The reason for that, Igor Dmitriyev argues, is that while many assume that senior Russian officials are corruptly benefiting from the other purchases abroad, the Italian deal represents an immediate threat to Russian workers who produce a similar and perhaps even better piece of equipment(versia.ru/articles/2010/mar/17/inostrannaya_voennaya_tehnika_v_rossiyskoy_armii).
If the Italian deal goes through, the “Versiya” military commentator says the Federation of Independent Trade Unions of Russia has concluded, more workers at the Arzamas machine-building complex, one of Russia’s hard-hit company towns, will see their wage arrears increase or even see their jobs disappear entirely.
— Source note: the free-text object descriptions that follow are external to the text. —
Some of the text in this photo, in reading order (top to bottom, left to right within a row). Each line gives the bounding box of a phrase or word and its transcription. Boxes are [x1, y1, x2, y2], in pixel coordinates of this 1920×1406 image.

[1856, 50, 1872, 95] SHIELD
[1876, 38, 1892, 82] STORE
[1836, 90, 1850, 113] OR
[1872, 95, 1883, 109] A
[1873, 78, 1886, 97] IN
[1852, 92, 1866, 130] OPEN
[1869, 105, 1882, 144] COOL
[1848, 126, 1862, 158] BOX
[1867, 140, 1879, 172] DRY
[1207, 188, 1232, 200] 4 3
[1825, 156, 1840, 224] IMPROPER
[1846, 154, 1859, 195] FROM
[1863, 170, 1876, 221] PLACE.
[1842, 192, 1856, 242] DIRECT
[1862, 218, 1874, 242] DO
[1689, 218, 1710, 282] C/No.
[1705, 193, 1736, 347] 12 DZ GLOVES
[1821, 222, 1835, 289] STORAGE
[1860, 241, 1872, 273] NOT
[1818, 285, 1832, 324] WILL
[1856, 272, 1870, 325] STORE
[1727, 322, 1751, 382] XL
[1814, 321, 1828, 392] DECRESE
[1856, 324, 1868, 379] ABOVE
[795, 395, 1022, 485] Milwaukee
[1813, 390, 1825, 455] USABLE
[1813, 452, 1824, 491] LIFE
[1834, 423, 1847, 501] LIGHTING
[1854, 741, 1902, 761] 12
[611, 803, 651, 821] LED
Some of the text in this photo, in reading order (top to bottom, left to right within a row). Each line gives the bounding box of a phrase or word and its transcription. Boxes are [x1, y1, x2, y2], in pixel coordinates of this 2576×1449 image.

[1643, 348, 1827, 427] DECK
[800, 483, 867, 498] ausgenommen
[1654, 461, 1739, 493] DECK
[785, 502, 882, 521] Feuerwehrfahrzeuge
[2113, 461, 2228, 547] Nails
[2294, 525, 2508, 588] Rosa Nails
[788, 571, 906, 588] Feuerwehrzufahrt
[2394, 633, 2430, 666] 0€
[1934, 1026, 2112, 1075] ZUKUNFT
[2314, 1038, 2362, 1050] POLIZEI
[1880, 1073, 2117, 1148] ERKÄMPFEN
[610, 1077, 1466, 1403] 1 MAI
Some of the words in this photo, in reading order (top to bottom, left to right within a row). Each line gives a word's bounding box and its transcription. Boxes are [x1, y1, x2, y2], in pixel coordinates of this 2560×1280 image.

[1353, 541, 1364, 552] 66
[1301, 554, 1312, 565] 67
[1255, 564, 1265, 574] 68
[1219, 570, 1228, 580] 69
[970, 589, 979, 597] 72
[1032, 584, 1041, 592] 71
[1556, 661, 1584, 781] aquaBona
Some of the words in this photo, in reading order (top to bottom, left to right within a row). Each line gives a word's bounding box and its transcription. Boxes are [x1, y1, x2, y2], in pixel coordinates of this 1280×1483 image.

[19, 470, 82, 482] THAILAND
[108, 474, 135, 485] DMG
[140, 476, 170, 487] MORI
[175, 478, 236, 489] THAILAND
The proposed Italian deal, Dmitriyev says, is especially “scandalous.” The vehicles that the Arzamas plant produces and that the Italian purchases would displace are equally good in the opinion of Russian military experts such as Ruslan Pukhov, the director of the Moscow Center for the Analysis of Strategy and Technology, and one-third to one-half less expensive.
Moreover, these experts say, the Russian model can be upgraded and modernized in ways that the Italian one cannot, meaning that initial savings to the military budget will be multiplied in the out years. And at the same time, because the Italian models won’t include all the equipment required for operation, the real cost of the deal is greater than Moscow says.
Investigative journalists at “Vzglyad,” Dmitriyev continues, may have found the explanation for this strange deal. It turns out, they say, the Italian company which would sell the armored vehicles to Russia is “a shadow partner of another Russian firm, KamAZ, “whose director in turn is friendly with the leadership of the defense ministry.”
The Arzamas factory, on the other hand, is part of a different military-industrial structure. Thus, KamAZ “is lobbying the interests of a [foreign] partner” against the interests of other Russian firms, and “it is completely possible to assume that as a result, particular functionaries of the ministry will receive some profit” from this “multi-million-dollar contract.”
But the interests of the workers at Arzamas will be ignored. That represents an economic and social tragedy. As of January 2010, wage arrears in Russian firms had reached, according to official figures, 4.1 billion rubles (135 million US dollars), including unpaid back wages in the region where Arzamas is located of 152 million rubles (5 million US dollars).
Moreover, Russian unemployment, which already stands at between eight and nine million, may now increase, Aleksandr Shershukov, the secretary of the Federation of Independent Trade Unions says, if the Italian deal goes through and there is no work for the employees of the Arzamas plant.
Russian arms purchases abroad may seem to be either a small problem or even from some perspectives a positive development, especially compared to Russian arms sales abroad. But these purchases have the potential to create a very serious political problem for the Russian powers that be because they bring together three different sets of concerns and political groups.
First, such purchases represent yet another attack on Russian pride. As Svetlana Savitskaya (KPRF), deputy head of the Duma Defense Committee, puts it, she “won’t be surprises if several years from now, they will tell us” that we have to put more Russians out of work and purchase even more military equipment abroad.
Second, such purchases represent a threat to Russia’s defense industry and its allies in the defense ministry, an alliance that may be further strengthened and prompted to go into action by these purchases which many members of these two groups will view not only as unsettling and insulting but a direct threat to their own futures.
And third, the linkage of such purchases and the unemployment they cause to corruption in the upper reaches of the powers that be is likely to bring together class and nationalist outrage, something that Russian opposition leaders may seek to exploit and that the Russian government will ignore at its peril.